To address these challenges, the government of Jammu and Kashmir has taken a number of steps to improve access to agricultural finance. The UT government has established a number of institutions, such as the Jammu and Kashmir State Cooperative Agriculture and Rural Development Bank (SCARDB) and the Jammu and Kashmir State Agriculture Marketing Board (JKSAMB), to provide credit and marketing support to farmers.
The SCARDB provides credit to farmers at a low-interest rate of 5% per annum. The bank also provides crop insurance and other support services to farmers. The JKSAMB, on the other hand, is responsible for the marketing of agricultural produce in the UT. The board provides support to farmers in terms of grading, packaging, and transportation of their produce.
In addition to these institutions, the government of Jammu and Kashmir has also launched a number of schemes to support agricultural finance. These include the National Agriculture Development Scheme (NADS), the National Mission on Sustainable Agriculture (NMSA), and the Rashtriya Krishi Vikas Yojana (RKVY). These schemes provide financial assistance to farmers for a variety of purposes, including the purchase of inputs, farm machinery, and infrastructure. Despite these efforts, access to formal credit is still limited in the region, and there is a need for further measures to improve access to agricultural finance.
Looking to the future, there are a number of opportunities for improving access to agricultural finance in Kashmir. One of the key opportunities is the use of technology to improve financial inclusion. The increasing use of mobile phones and other digital technologies presents an opportunity to reach farmers who are currently excluded from formal financial services. Mobile-based services, such as mobile banking and mobile money, can provide farmers with a range of financial services, including credit, savings, and insurance. These services can be delivered at a lower cost than traditional banking services, making them more accessible to small farmers.
Another opportunity for improving agricultural finance in Kashmir is the use of alternative forms of collateral. In many cases, farmers are unable to provide the collateral required by banks and other financial institutions. This is particularly true for small farmers, who may not have sufficient assets to meet the collateral requirements. One solution to this problem is the use of crop insurance as collateral. Crop insurance can provide farmers with a form of collateral that can be used to secure credit. This can help to increase access to formal credit and reduce reliance on informal sources of credit.
Finally, there is a need to improve financial literacy among farmers. Many farmers in Kashmir have limited knowledge of financial services and how they can be used to improve their livelihoods.

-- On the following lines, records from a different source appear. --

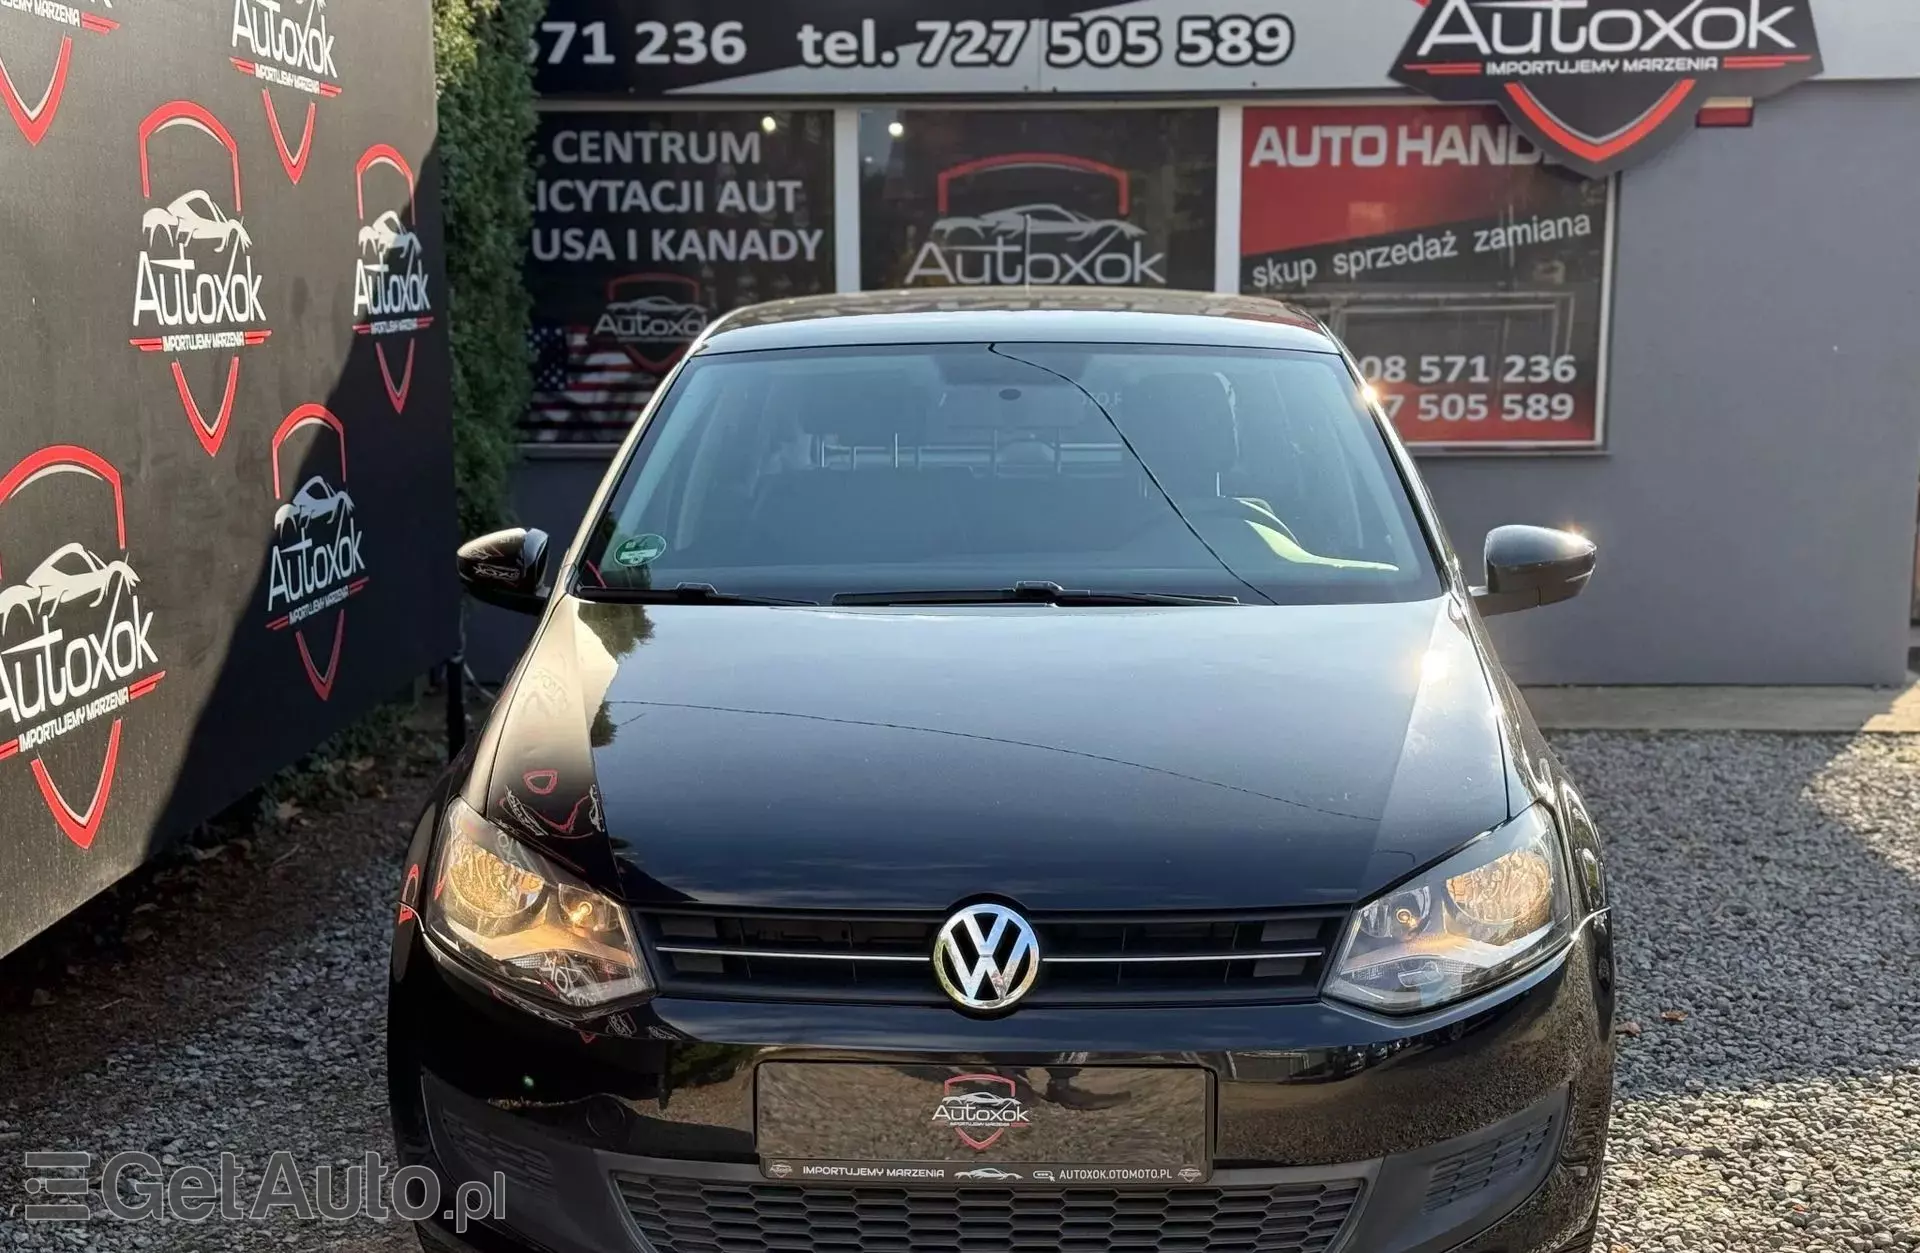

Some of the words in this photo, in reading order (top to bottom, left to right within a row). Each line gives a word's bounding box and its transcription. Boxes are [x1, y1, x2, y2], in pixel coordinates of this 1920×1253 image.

[527, 21, 615, 64] 71
[635, 21, 747, 64] 236
[797, 18, 897, 66] tel.
[916, 18, 1028, 66] 727
[1046, 18, 1161, 67] 505
[1176, 14, 1295, 65] 589
[1416, 0, 1796, 56] Autoxok
[1486, 59, 1620, 76] IMPORTUJEMY
[1622, 57, 1718, 72] MARZENIA
[552, 131, 760, 164] CENTRUM
[1249, 125, 1387, 168] AUTO
[1396, 124, 1562, 167] HAND
[530, 180, 704, 213] ICYTACJI
[716, 180, 803, 213] AUT
[531, 229, 616, 261] USA
[627, 229, 638, 261] I
[651, 229, 824, 261] KANADY
[1252, 257, 1318, 289] skup
[1333, 231, 1459, 278] sprzedaż
[1473, 213, 1592, 253] zamiana
[1418, 354, 1490, 384] 571
[1503, 354, 1577, 384] 236
[1416, 393, 1488, 422] 505
[1501, 393, 1575, 422] 589
[18, 706, 86, 753] IMPORTUJEMY
[86, 686, 130, 721] MARZENIA
[931, 1103, 1030, 1122] Autoxok
[802, 1165, 884, 1177] IMPORTUJEMY
[886, 1168, 945, 1178] MARZENIA
[1059, 1169, 1173, 1180] AUTOXOK.OTOMOTO.PL

By providing farmers with training and education on financial services, they can make better decisions on how to manage their finances and access the services they need. This can help to improve their financial resilience and reduce their vulnerability to economic shocks.
The future of agricultural finance in Kashmir looks promising, with the government and financial institutions working towards providing better access to credit and financial services to farmers in the region. With the advent of technology, digital platforms such as mobile apps and web portals are becoming more prevalent, providing farmers with easier access to financial services.

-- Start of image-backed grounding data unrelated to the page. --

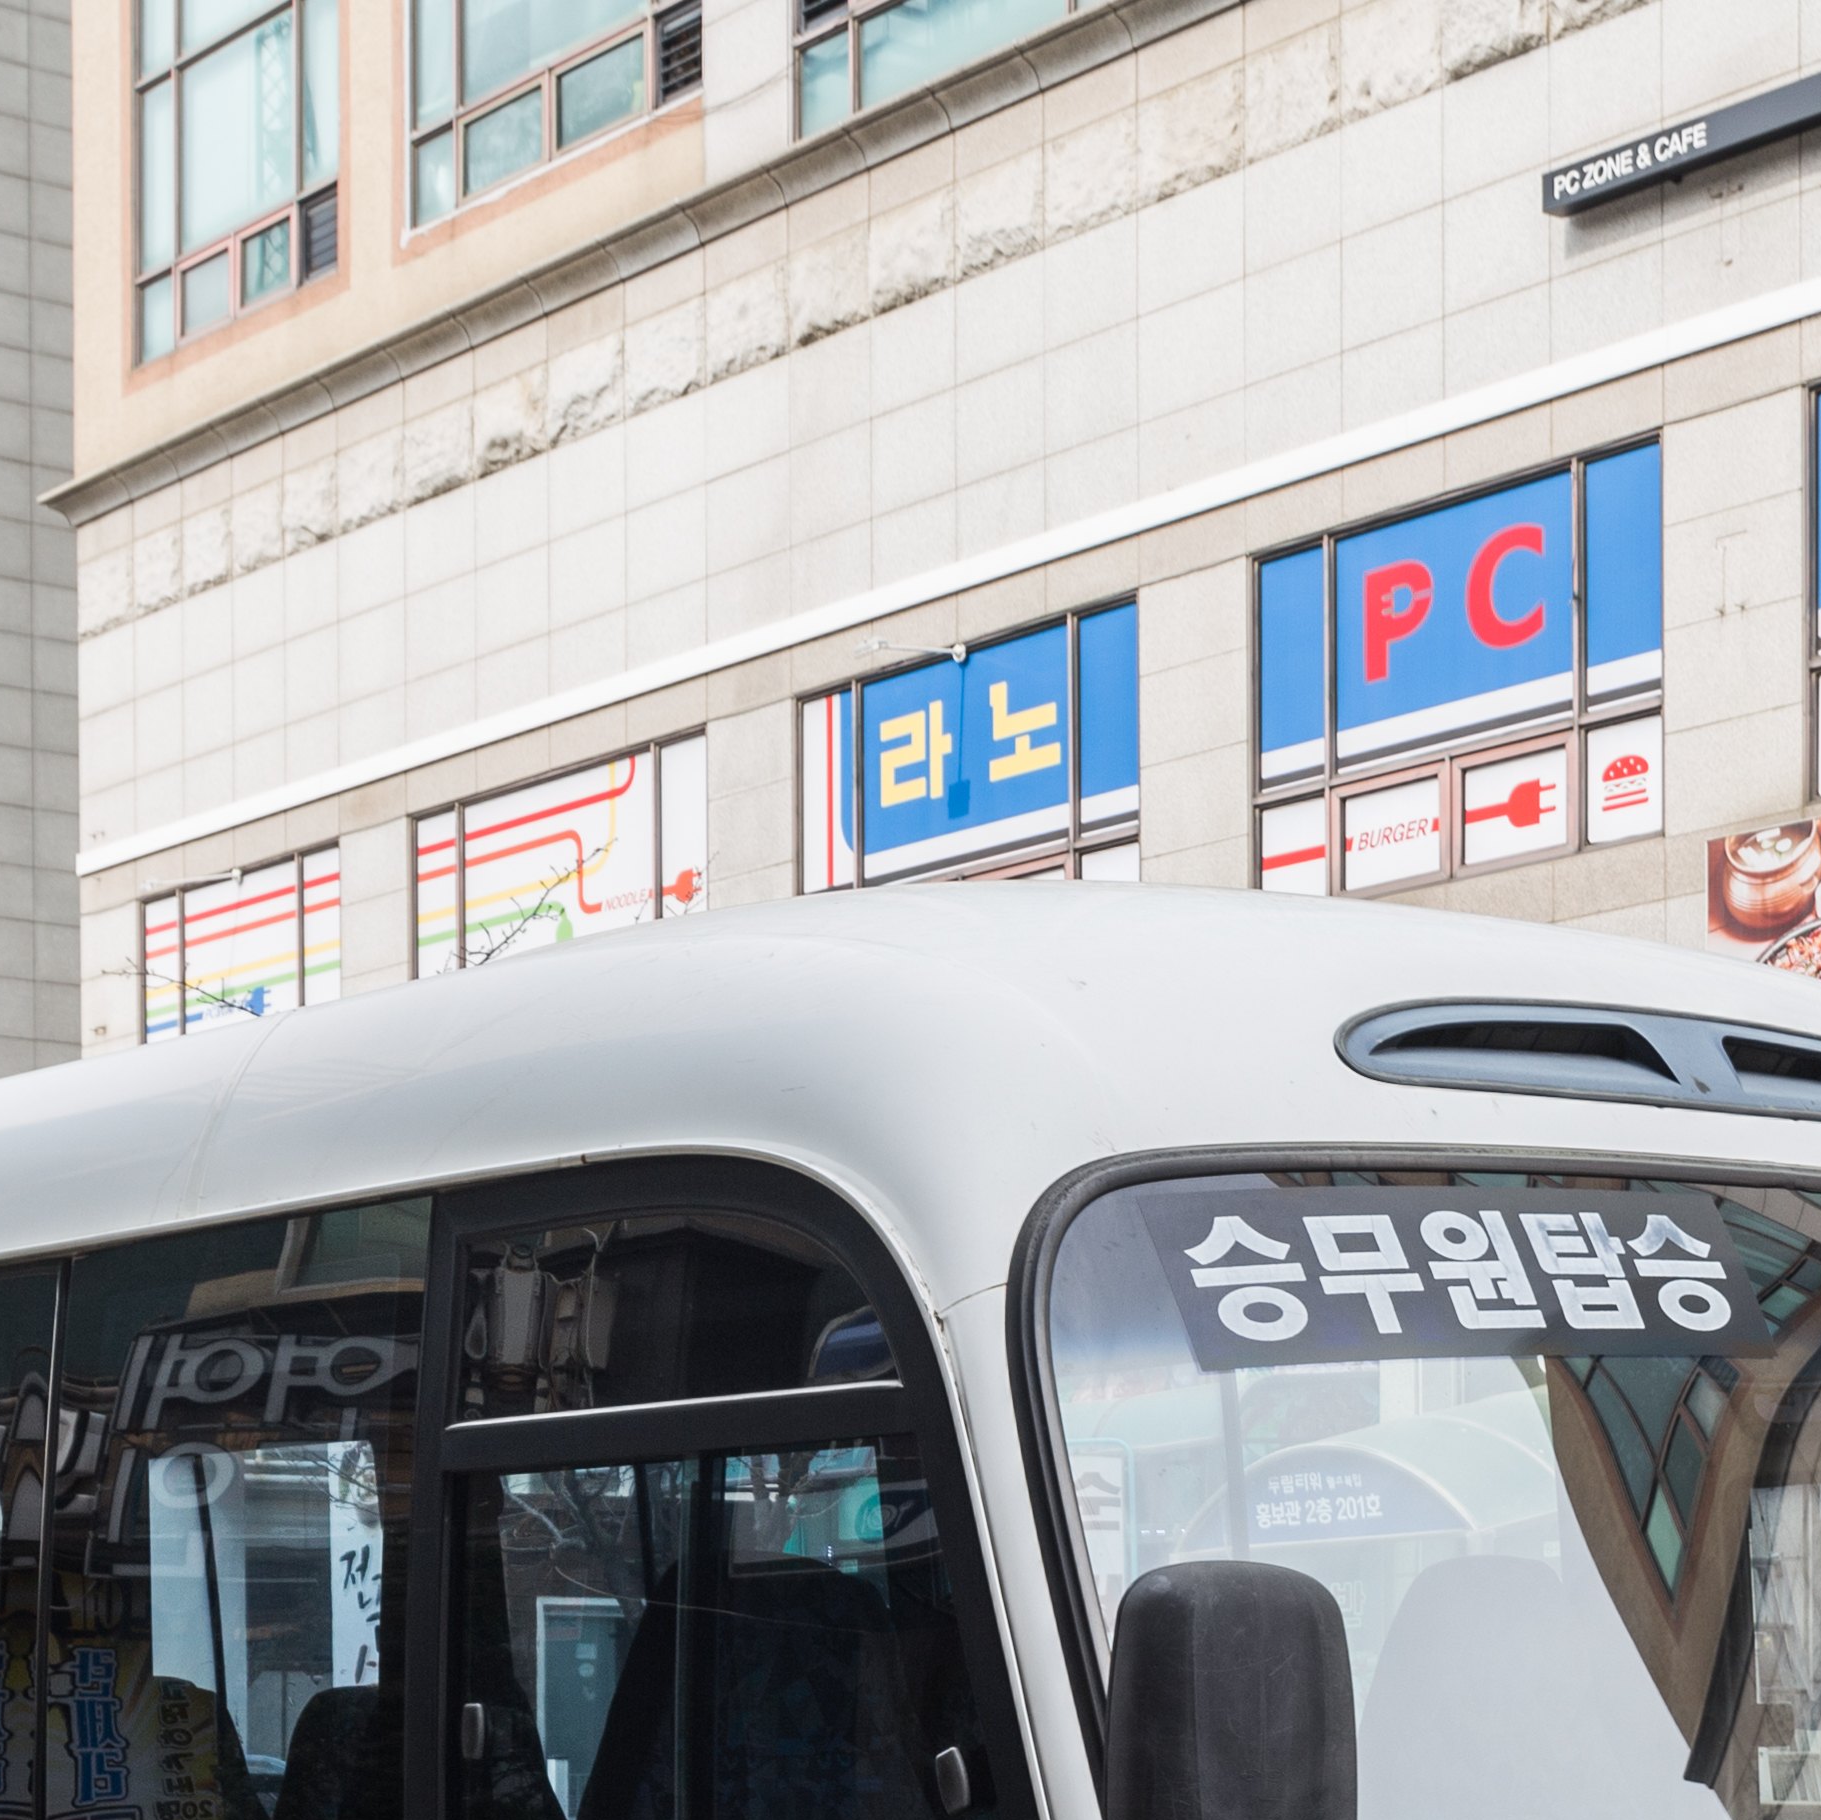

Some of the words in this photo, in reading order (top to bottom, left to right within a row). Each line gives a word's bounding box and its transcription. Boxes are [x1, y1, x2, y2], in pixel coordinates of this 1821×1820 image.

[1553, 168, 1581, 200] PC
[1581, 148, 1634, 191] ZONE
[1636, 140, 1653, 172] &
[1653, 121, 1709, 164] CAFE
[1355, 815, 1430, 854] BURGER
[602, 886, 650, 913] NOODLE
[1182, 1208, 1733, 1343] 승무원탑승
[1255, 1500, 1302, 1529] 홍보관
[1305, 1496, 1333, 1524] 2층
[1335, 1493, 1383, 1520] 201호

The government of Jammu and Kashmir is also planning to set up agricultural hubs in different parts of the region to promote the adoption of modern technology and provide training to farmers. These hubs will serve as a platform for farmers to learn about new agricultural practices, receive financial assistance, and market their produce.
Agricultural finance is a critical factor in the development of the agricultural sector in Kashmir. While the current scenario presents some challenges, there are also opportunities for improvement, particularly in the areas of technology, collateral, and financial literacy. By taking advantage of these opportunities, the government of Jammu and Kashmir, in collaboration with financial institutions and other stakeholders, can help to ensure that farmers in the region have the financial resources they need to succeed and contribute to the growth of the region's economy.
(Author is Associate Professor, FABS, Sagar Group of Institutions, Chevella Hyderabad)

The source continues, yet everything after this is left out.